Rob and Antesa discuss the Adventure Awake experiences:

  • Adventure Awake is a hybrid of coaching and travel, a retreat on the go.
  • Some retreats remove you from reality of the world in order for you to do the growth that you need to do, however Antesa finds it makes integration a lot harder when you get home. You’ll have an amazing experience with a massive amount of transformation, and afterwards you’re back to the same person you were before because there isn’t ownership in your daily life.
  • Adventure Awake involves travel and some intense coaching while on the road, as well as a month of integration work afterwards. The trips are 10-12 days in really off-the-beaten-path places that are not easy to navigate.
  • Everyone inevitably shifts a lot and they do group coaching afterwards to say, ‘How does this thing that you discovered about yourself while in Siberia fit into your relationship with your Mom?’
  • This allows everyone to start to piece together and take ownership of transformation that has occurred and move forward with that as the launching pad for more growth.
  • Antesa offers the location first and a lot of times, a lot of people who want to go to a certain place are working through a lot of the same issues.
  • The trips are always to places Antesa hasn’t been, and never standard travel destinations. She finds it important to be in the unknown herself when teaching people how to be leaders in their own life and navigate in the unknown.
  • For Antesa, her version of adventure awake would be to go on a cruise. She would have to figure out how to make an adventure out of sitting on a boat for 7 days and eating at a buffet. The idea is about what there is to learn and grow from being in an environment outside your comfort zone.
  • The experiences also have to have access to nature because it helps bring people back to themselves, and hear their own inner voices. It’s too easy to tune out that inner voice with the noise of life. As the they usually go off-grid, there is a digital detox element as well.
  • The focus with the clients is around the questions, “What does it mean to take up space in a group of people you don’t know? What does it mean to be a leader when you have no fucking clue what’s happening?” It’s always very profound. You learn a lot about yourself when you get intimate with other people, especially a bunch of strangers you are sharing a tent with.
  • Antesa feels very passionately that the internet and Facebook are a false representation of what connection actually is. Human touch and interaction is what makes us human. This is particularly important given the rise of artificial intelligence in all of its forms.
  • There’s a tendency to move away and isolate ourselves. There’s a fear of loneliness but not actually going out and connecting with the people who will teach us how to not feel lonely. True, profound, satiating connection, which only comes from vulnerability and intimacy.
  • Within 2 days of the trips everyone is very close. It’s amazing to watch how close people become in such a short period of time. By the end of the 10-12 day trip they’ve experienced something together and they’re besties for life.
  • Inevitably, on every trip there is someone who is on the verge of a thing. The focus of each trip is supposed to be your own growth. On the trip to Jordan, there was a couple, and the guy wanted to focus on his own growth, but the woman wanted his focus to be on her.

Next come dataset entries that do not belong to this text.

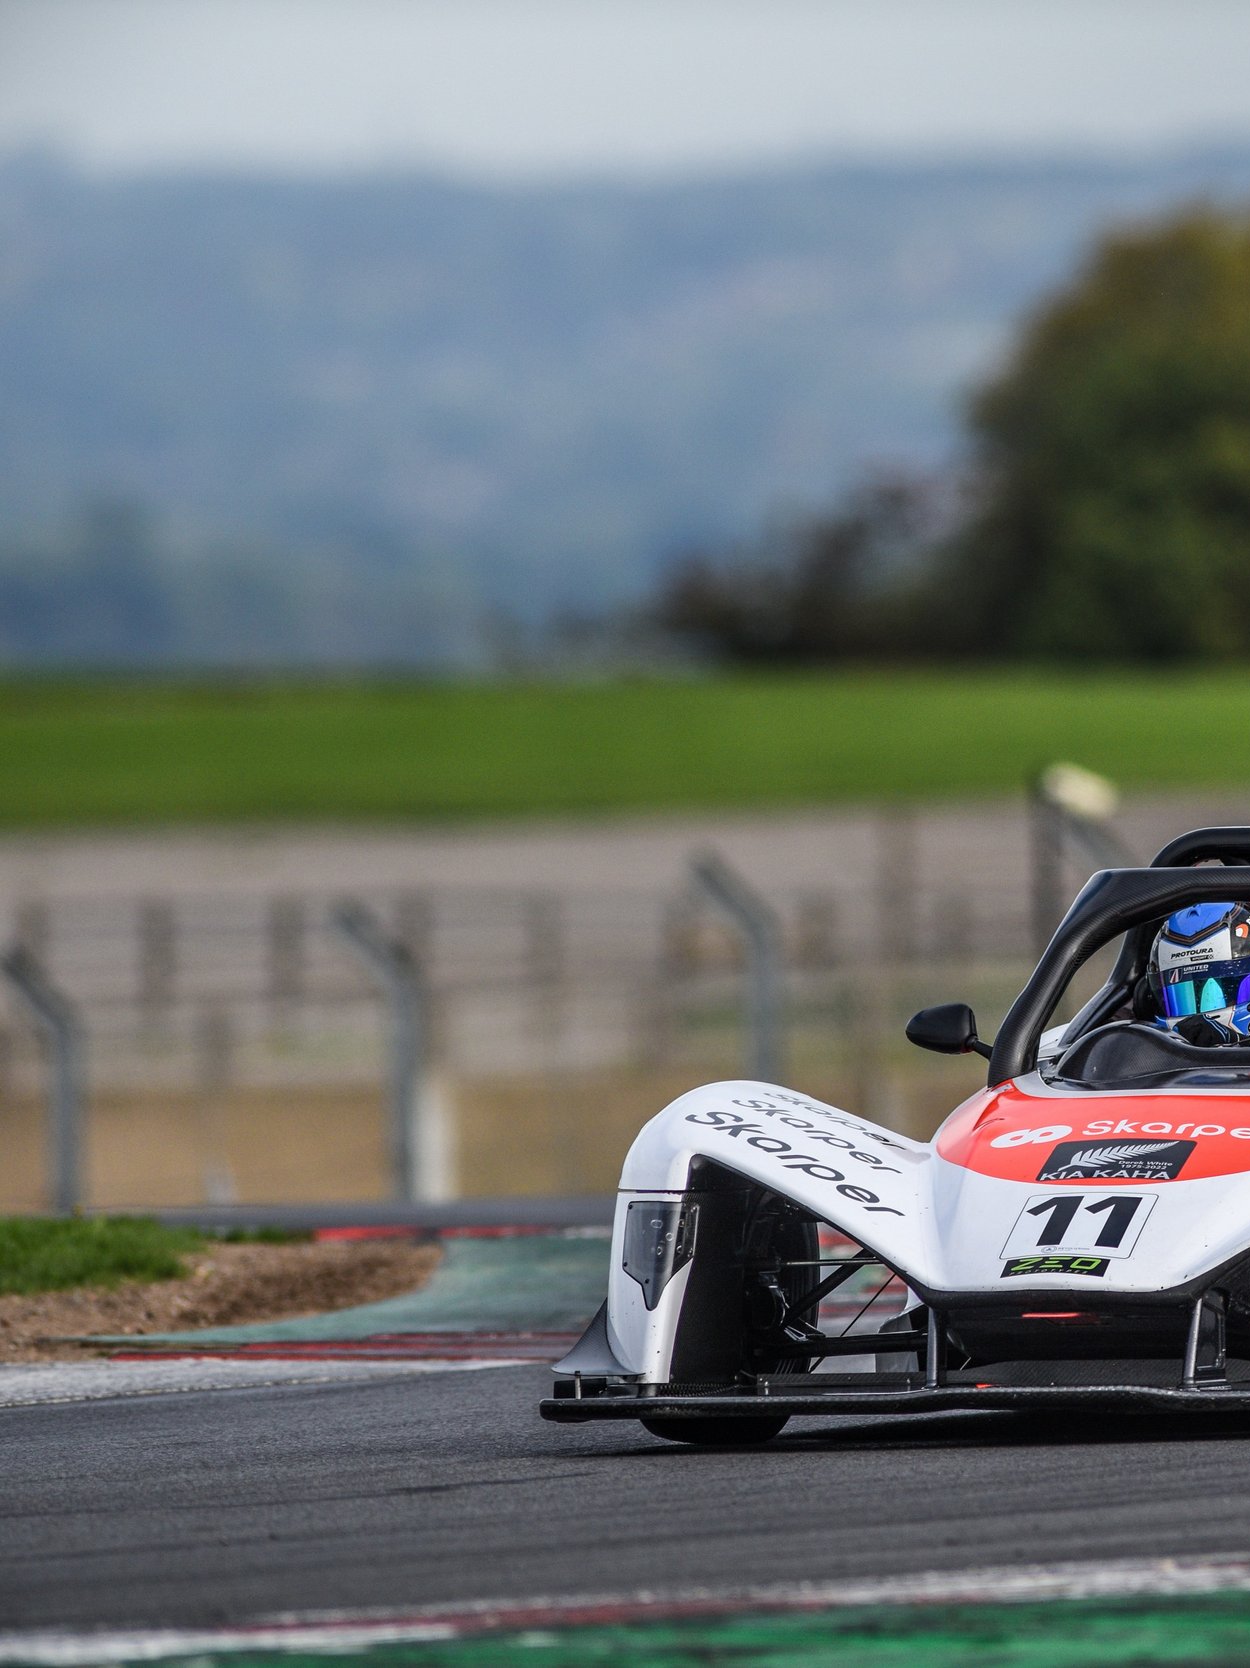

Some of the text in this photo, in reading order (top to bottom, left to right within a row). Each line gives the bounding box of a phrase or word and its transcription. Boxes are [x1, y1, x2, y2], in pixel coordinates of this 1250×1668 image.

[1171, 948, 1213, 959] PROTOURA
[1184, 964, 1209, 972] UNITED
[732, 1099, 903, 1174] Skarper
[763, 1092, 907, 1151] Skarper
[685, 1111, 906, 1217] Skarper
[1040, 1170, 1171, 1181] KIA KAHA
[1026, 1195, 1143, 1249] 11
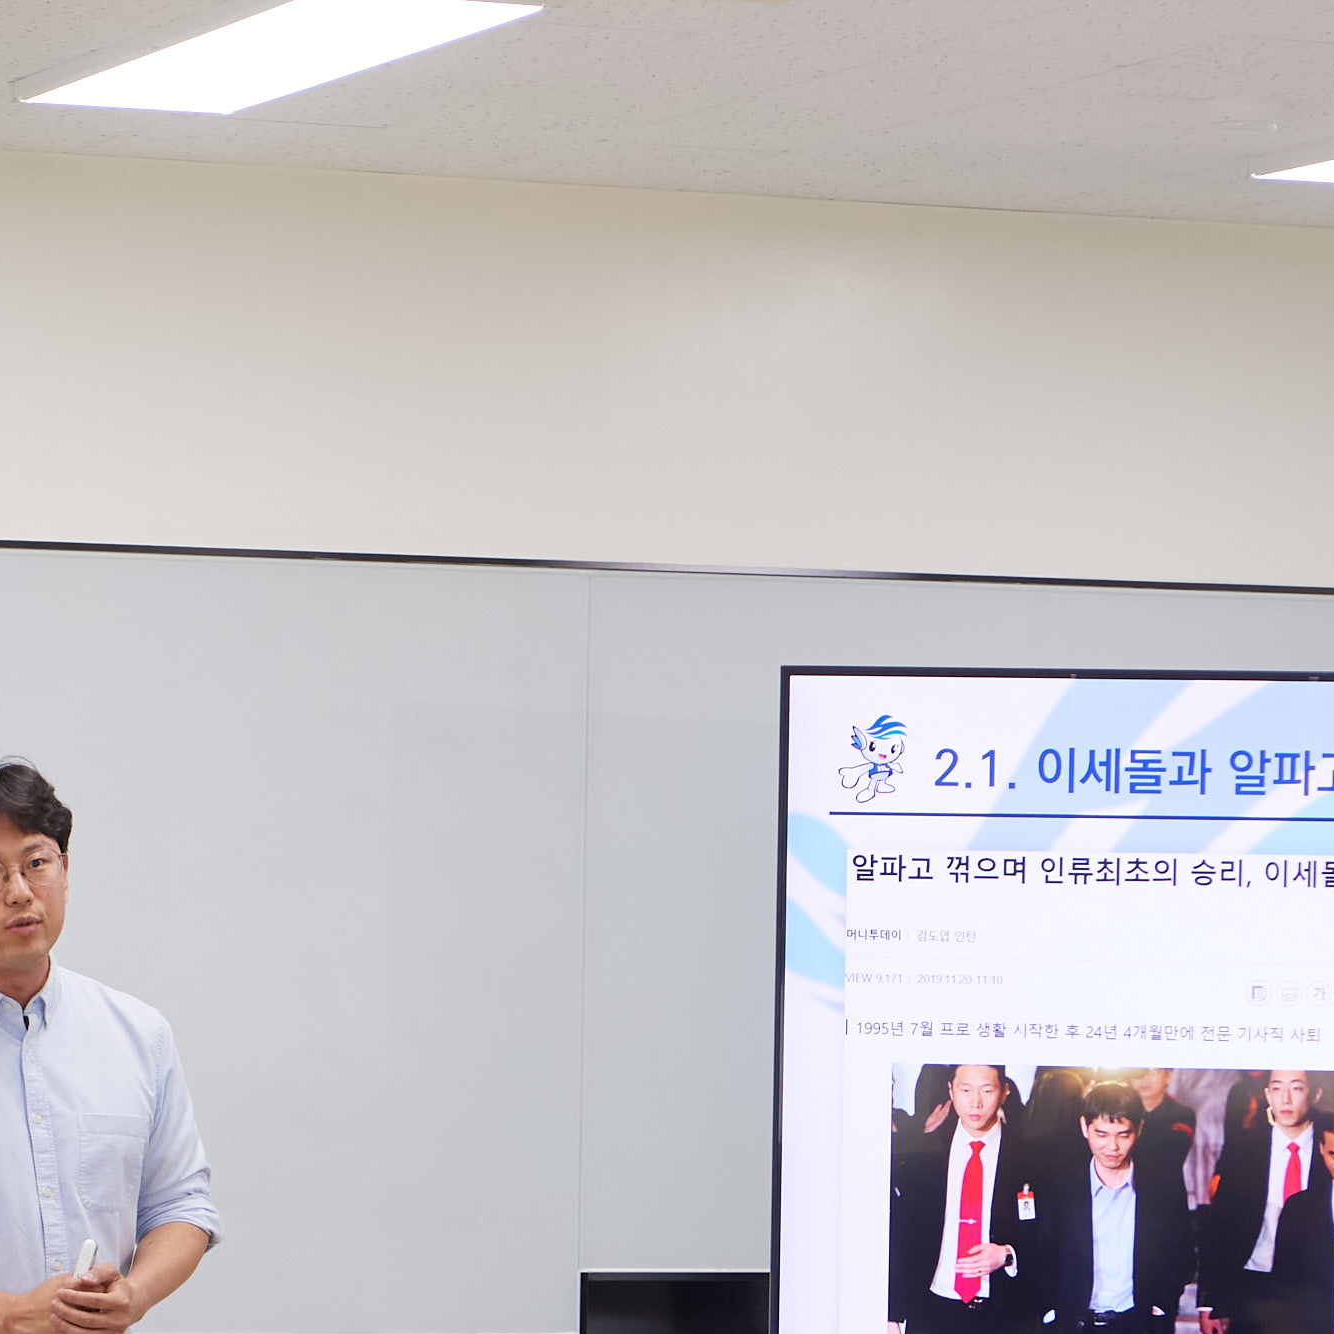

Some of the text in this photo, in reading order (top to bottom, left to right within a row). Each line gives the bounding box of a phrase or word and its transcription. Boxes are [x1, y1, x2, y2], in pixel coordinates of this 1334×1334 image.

[934, 747, 1016, 790] 2.1.
[1038, 747, 1213, 796] 이세돌과
[852, 853, 934, 883] 알파고
[946, 855, 1026, 885] 꺾으며
[1040, 856, 1177, 887] 인류최초의
[1190, 858, 1252, 889] 승리,
[846, 928, 902, 942] 머니투데이
[845, 972, 873, 983] VIEW
[857, 1020, 1321, 1044] 1995년 7월 프로 생활 시작한 후 24년 4개월만에 전문 기사직 사퇴

  • They both went into a space where neither of them were getting what they were wanting and they were very frustrated. What happens in these groups when someone is not saying a thing that is clearly working them really hard is that everyone gets really tired. The fatigue is not fatigue, it is spiritual exhaustion from being in fight mode. This happened multiple times on that trip.

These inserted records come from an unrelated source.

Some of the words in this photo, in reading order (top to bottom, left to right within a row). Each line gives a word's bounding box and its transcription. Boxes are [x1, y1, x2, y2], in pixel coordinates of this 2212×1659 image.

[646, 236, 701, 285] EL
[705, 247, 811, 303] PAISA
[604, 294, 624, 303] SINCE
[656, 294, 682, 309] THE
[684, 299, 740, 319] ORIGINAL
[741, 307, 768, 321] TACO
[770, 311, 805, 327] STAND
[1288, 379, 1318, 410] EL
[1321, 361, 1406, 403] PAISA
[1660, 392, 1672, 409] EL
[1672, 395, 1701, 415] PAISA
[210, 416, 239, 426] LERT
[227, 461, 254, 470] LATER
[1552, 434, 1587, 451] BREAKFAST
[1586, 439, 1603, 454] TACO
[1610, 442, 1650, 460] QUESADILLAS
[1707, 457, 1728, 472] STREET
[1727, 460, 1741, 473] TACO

  • On that trip, they discovered that every single person had an absent Dad. When you have an absent Dad in your life, a lot of the issues related to bonding with your masculine are unconscious, because you don’t know what you’re missing.
  • They ended up starting a reconciliation process with everyone’s fathers through a writing exercise and doing some deeper work about what reactive feelings come up when thinking about the relationship with Dad, and how is that playing out for us in our lives today.

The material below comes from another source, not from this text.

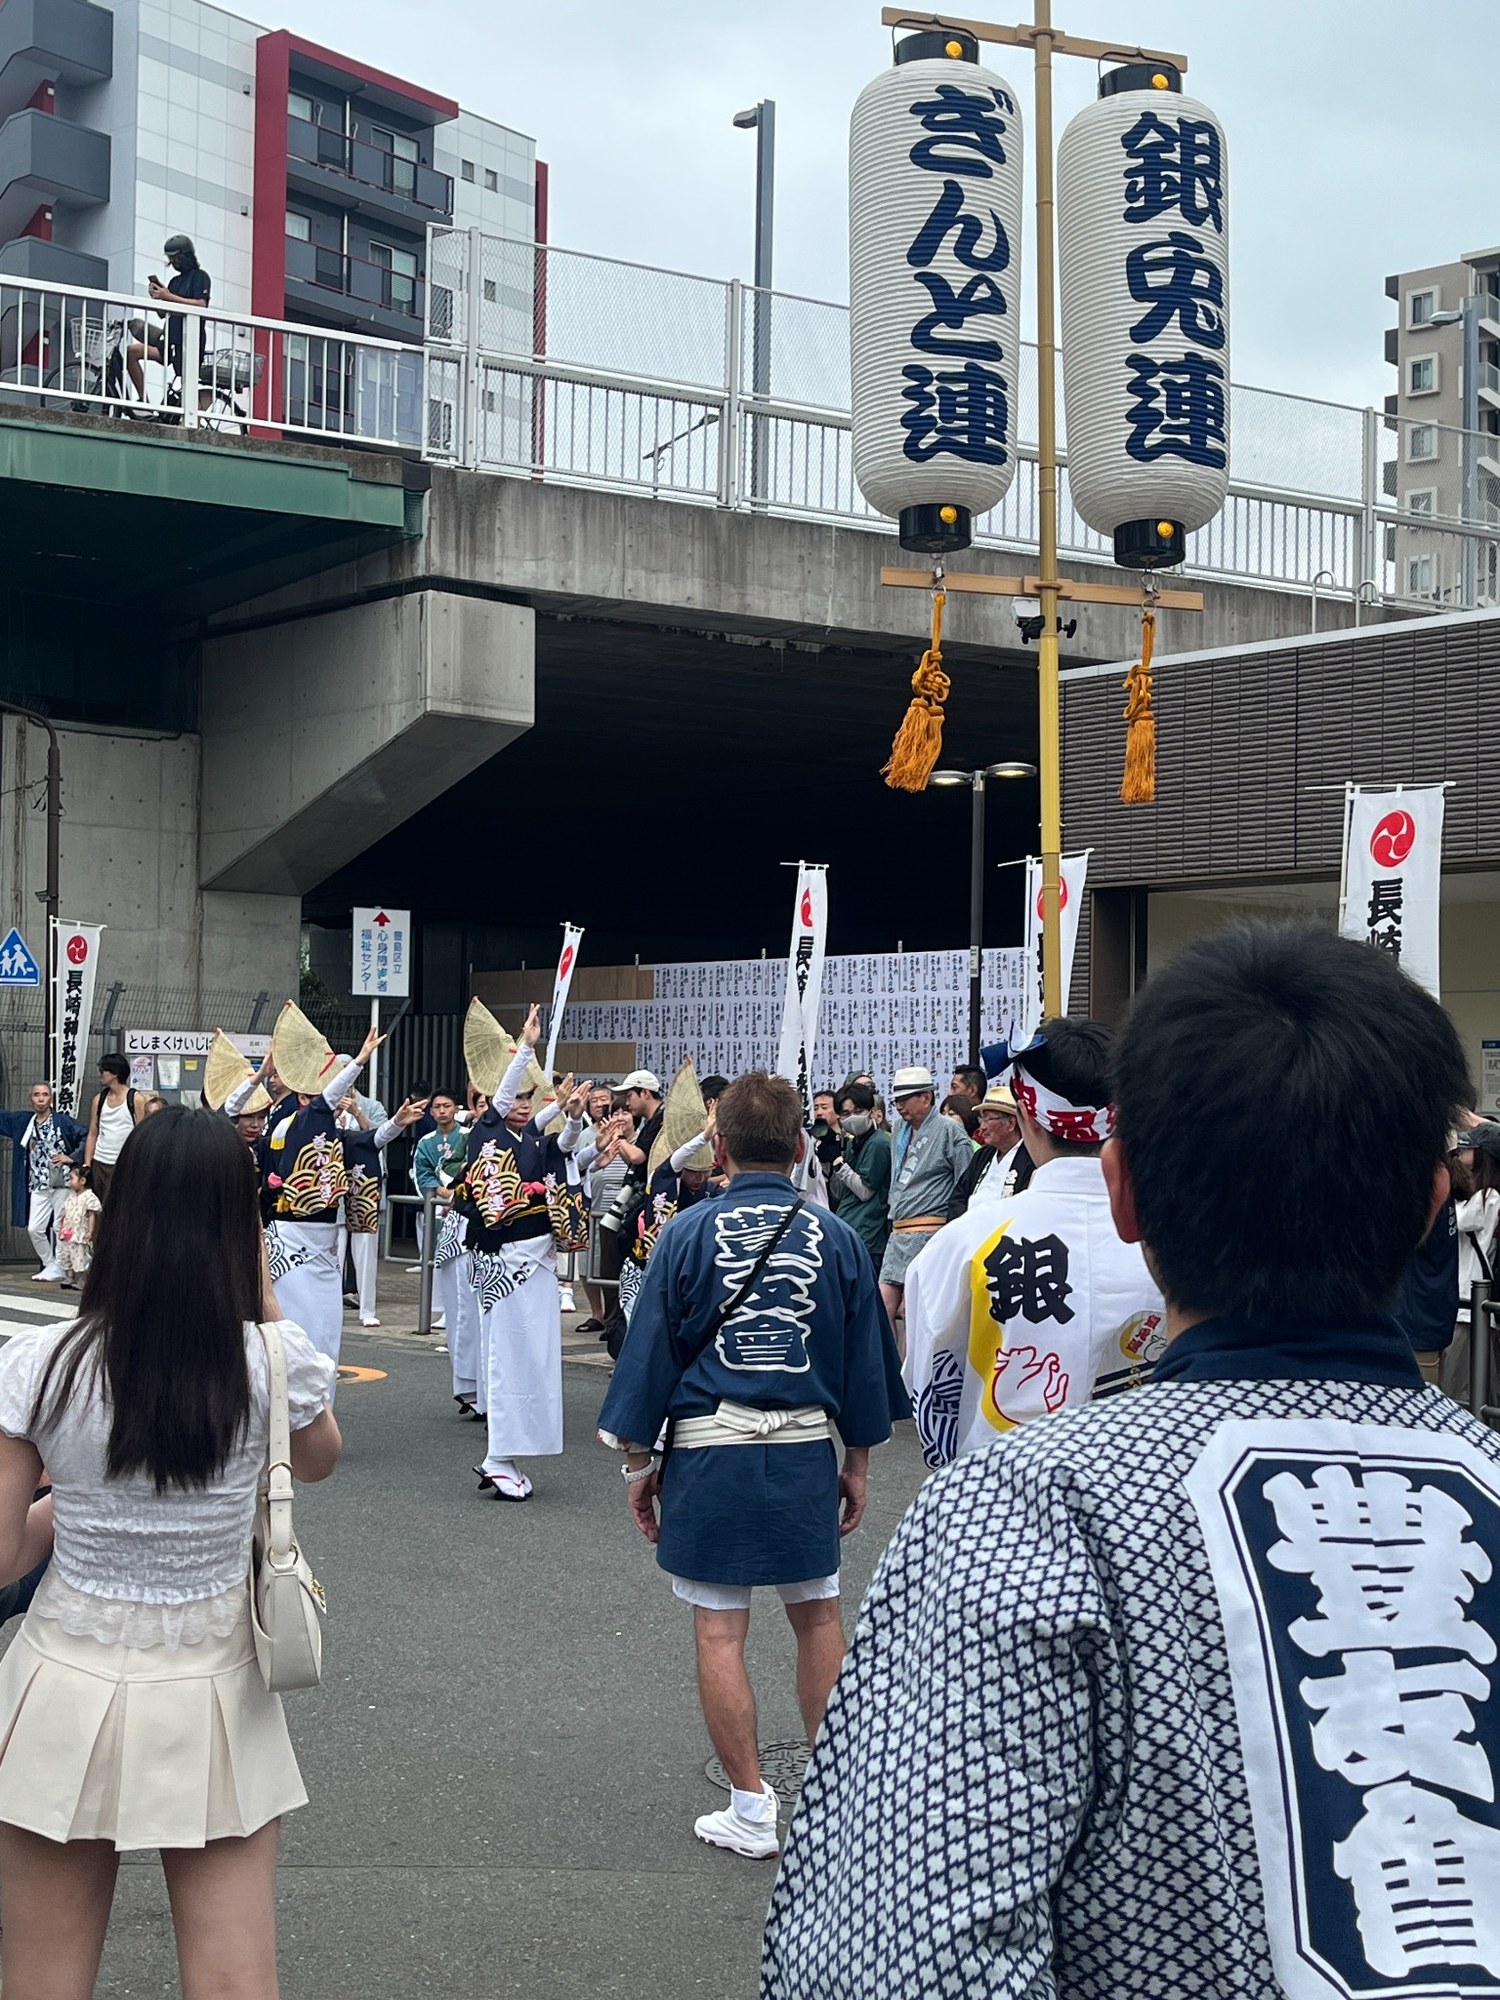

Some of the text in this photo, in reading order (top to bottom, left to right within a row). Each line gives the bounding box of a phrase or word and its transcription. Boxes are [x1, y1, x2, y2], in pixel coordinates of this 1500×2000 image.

[902, 85, 1013, 465] ぎんと連
[360, 929, 372, 992] 福祉センター
[58, 970, 83, 1116] 長崎神社御祭
[983, 1233, 1076, 1325] 銀

  • Jordan is a place with a really strong masculine dynamic, and the culture treats women and men very differently to our Western culture. It was fitting that it was in Jordan where the transformations were all about the relationship to the masculine.
  • In Mongolia, they did a 90 km horseback ride into the mountains, and that was planned around the people who signed up who were very outdoorsy and fit.
  • Antesa is the inward guide. She helps you work with what’s happening for you on the inside that is being reflected out here and helping bridge that gap so people start to have agency in their lives. The world is a mirror for them and she helps them use it, not be at the mercy of it.
  • The pragmatic first steps to change your life when you’re not ready to go on a retreat like this different for each person. People who have never travelled before or have never done personal growth need smaller steps. They can start to own their move towards living a life where they are making every single choice for their day. They don’t HAVE to do this, they GET to. That’s a huge shift for a lot of people.
  • A lot of people live their lives at the mercy of their job, their kids, their husband etc. So the first step is awareness around how we are actually at all times making choices and some of our choices we make out of fear.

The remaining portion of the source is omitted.